Images for object localization
┌──

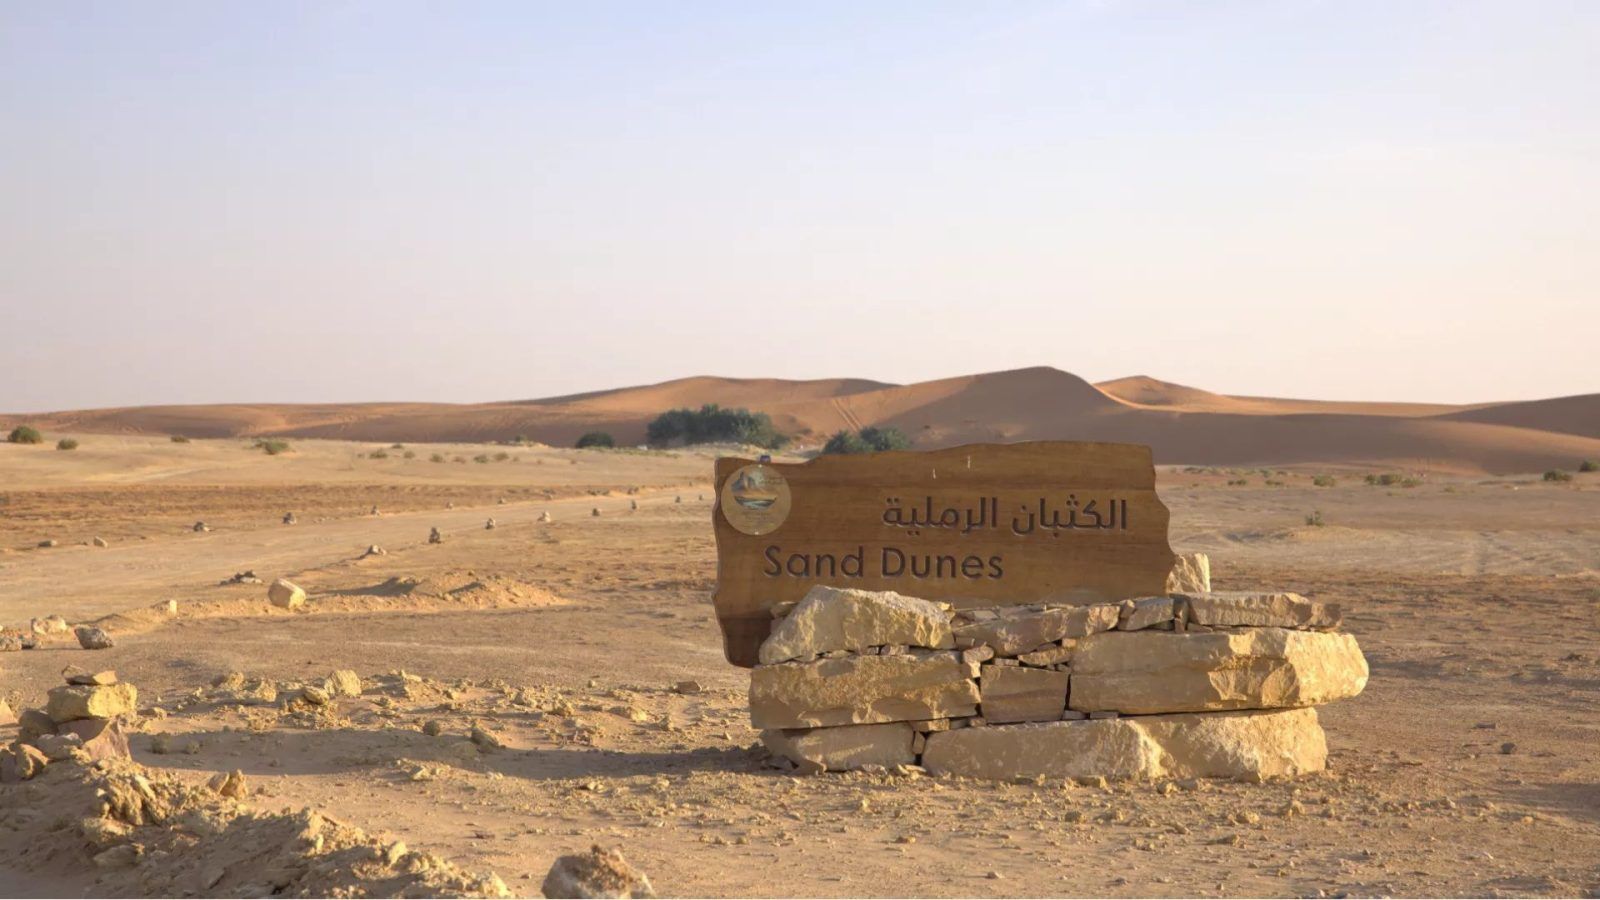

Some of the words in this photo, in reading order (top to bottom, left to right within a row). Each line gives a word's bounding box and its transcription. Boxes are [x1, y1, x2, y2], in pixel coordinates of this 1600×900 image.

[882, 496, 997, 536] الرملية
[1012, 494, 1127, 539] الكثبان
[763, 546, 864, 578] Sand
[881, 547, 1004, 579] Dunes
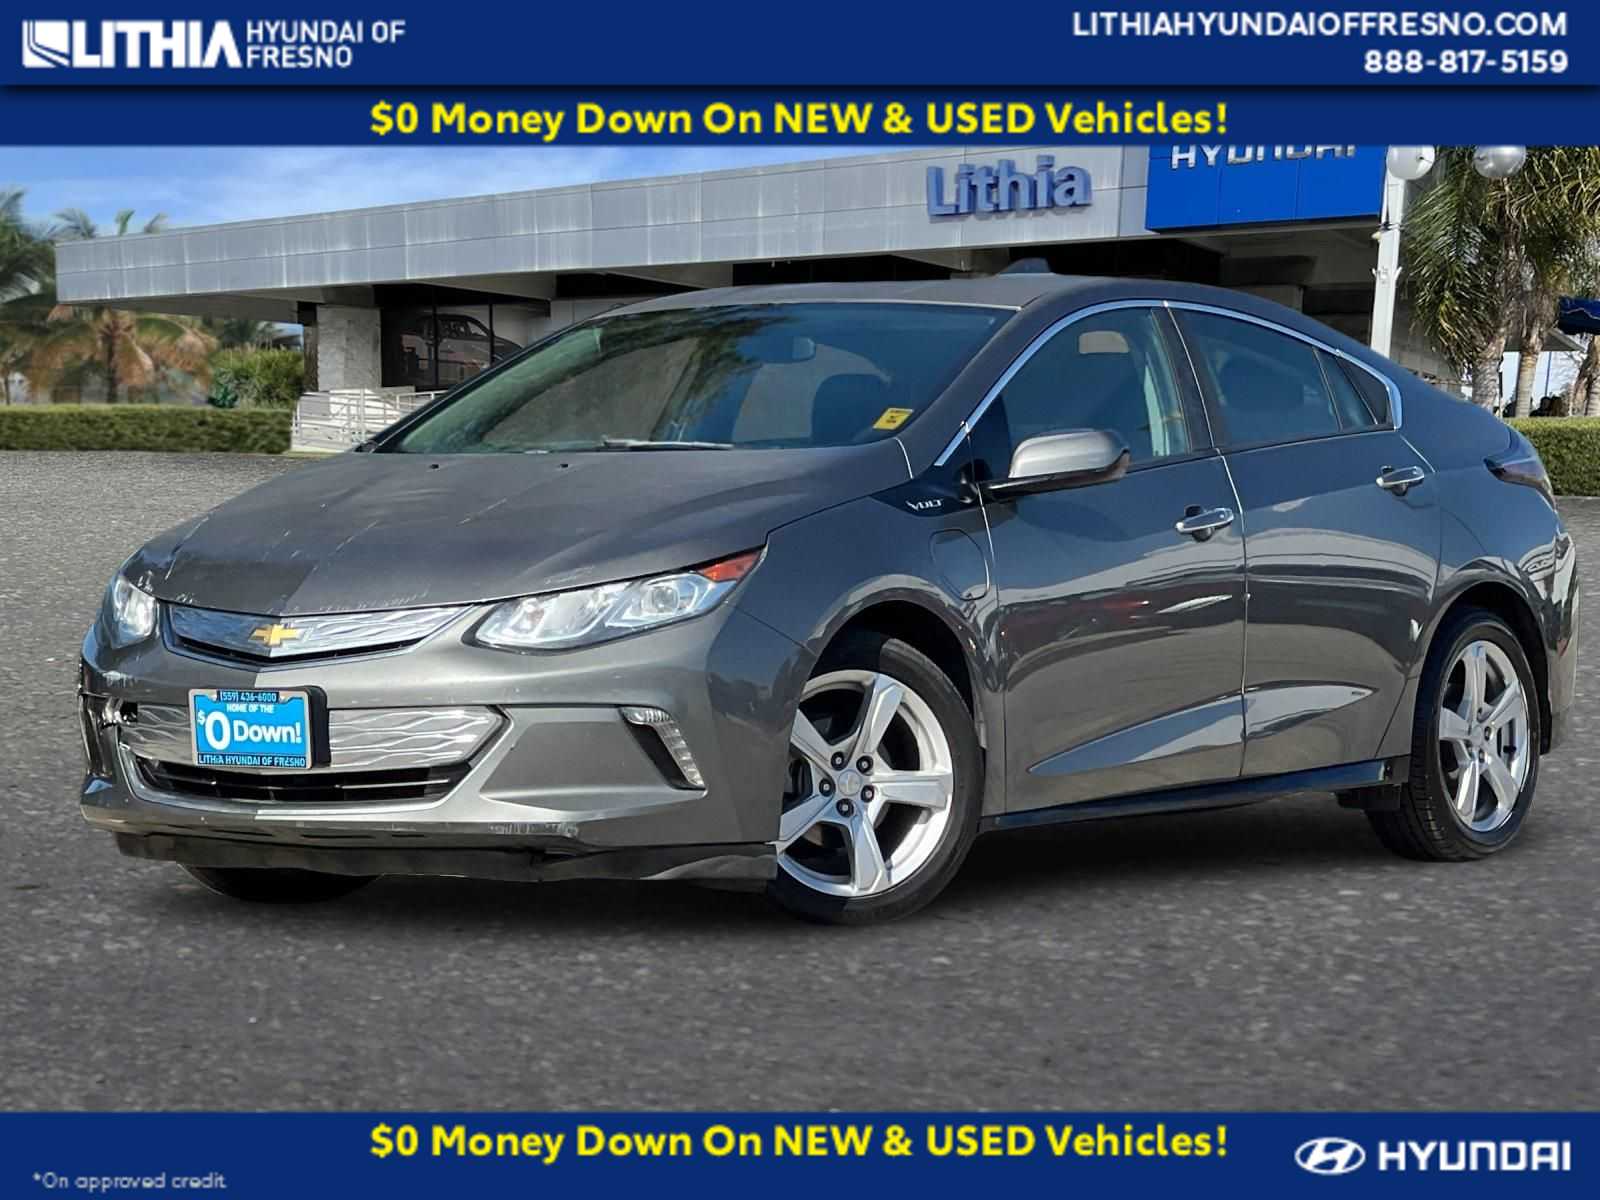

└──

WORK ORDER.
Return each line above word for word. Skip the pictures.

EXERCISE SOLUTION.
Some of the words in this photo, in reading order (top to bottom, left to right within a row). Each line gives a word's bounding box and its transcription. Boxes are [x1, y1, x2, y2], in pixel coordinates of this 1600×900 image.

[882, 496, 997, 536] الرملية
[1012, 494, 1127, 539] الكثبان
[763, 546, 864, 578] Sand
[881, 547, 1004, 579] Dunes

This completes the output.